Concrete, computing machine described in this step is expression vector and refers to and can by computing machine, present the form of expression of comparing result, such as picture, document etc.Preferably, it is picture that described computing machine is expression vector, and picture format is unfixing,, can be the forms such as .png .bmp or .jpg, adopt picture can conveniently identify identical word, and, when to the user, showing comparing result, can improve loading velocity.When the computing machine of the page conversion at described target paragraph place is the expression vector acceptance of the bid and knows the described target paragraph word identical with the most similar described paragraph, can adopt highlighted mode to identify, also can adopt the modes such as frame, predetermined color to identify.

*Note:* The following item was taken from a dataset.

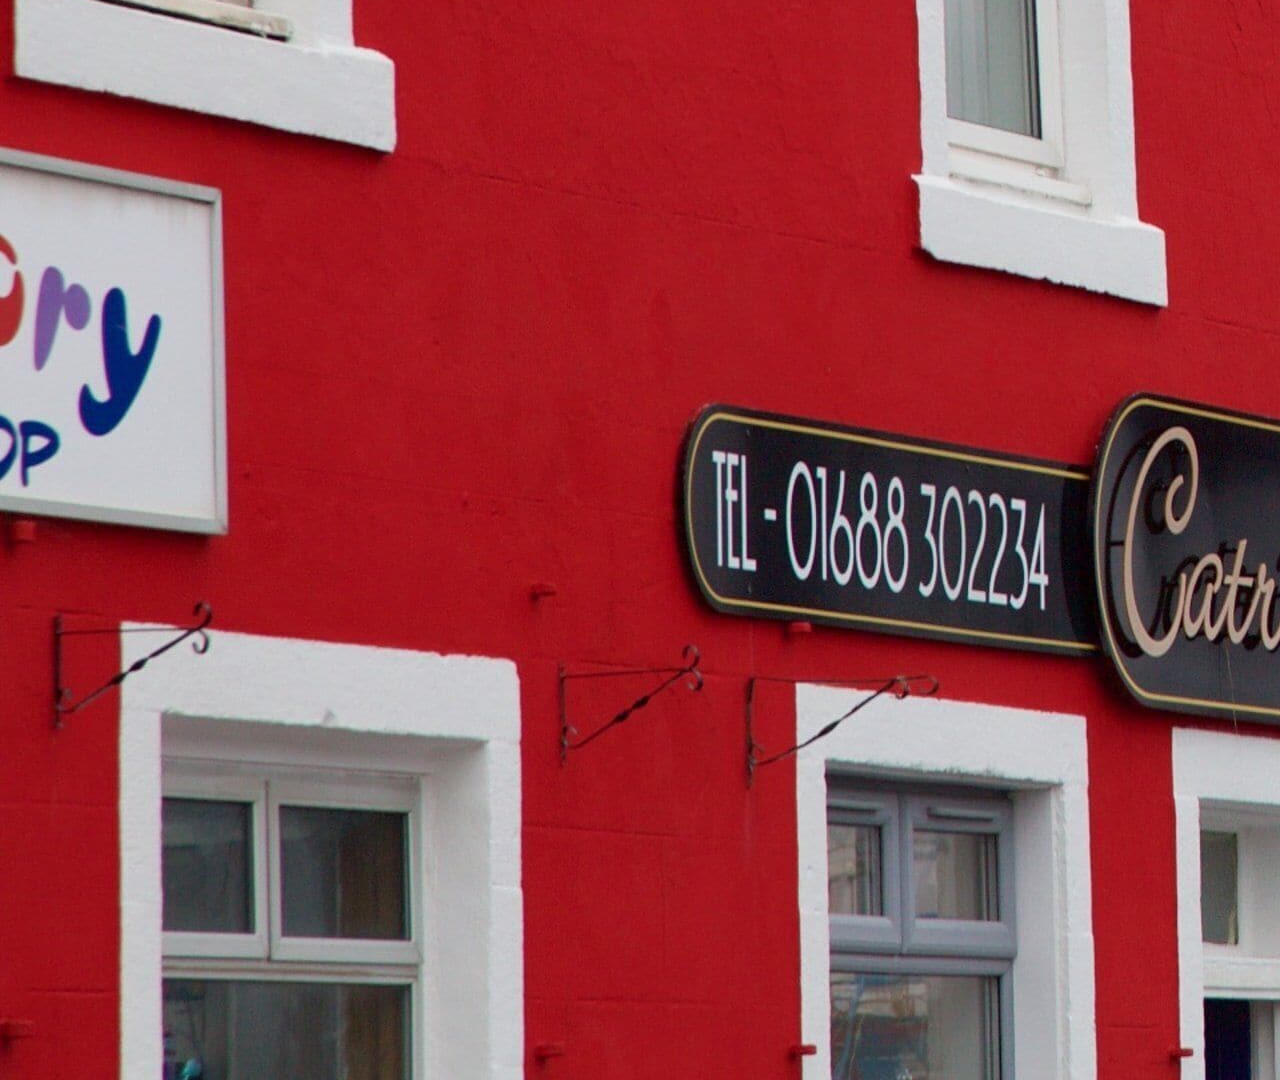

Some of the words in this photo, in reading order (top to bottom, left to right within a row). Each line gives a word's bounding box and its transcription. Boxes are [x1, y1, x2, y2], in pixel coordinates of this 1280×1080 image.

[712, 450, 757, 572] TEL
[786, 461, 910, 593] 01688
[919, 482, 1050, 612] 302234

140: whether the page that judges the most similar described paragraph place has been converted to computing machine and has been expression vector, if, the computing machine of changing at the page at the most similar described paragraph place is expression vector acceptance of the bid knowledge described target paragraph and the identical word of the most similar described paragraph, otherwise, the page at the most similar described paragraph place is converted to computing machine and is expression vector, the computing machine of changing at the page at the most similar described paragraph place is expression vector acceptance of the bid knowledge described target paragraph and the identical word of the most similar described paragraph.
Concrete, it is consistent that the computing machine of the page conversion at the most similar described paragraph place presents the form that the general computing machine of changing with the page at described target paragraph place of carrier format is expression vector.When the computing machine of the page conversion at the most similar described paragraph place is the expression vector acceptance of the bid and knows the described target paragraph word identical with the most similar described paragraph, also can adopt the modes such as highlighted, frame, predetermined color to identify, it is consistent that the computing machine of general page conversion with at described target paragraph place is the mode of the word that the described target paragraph of expression vector acceptance of the bid knowledge is identical with the most similar described paragraph.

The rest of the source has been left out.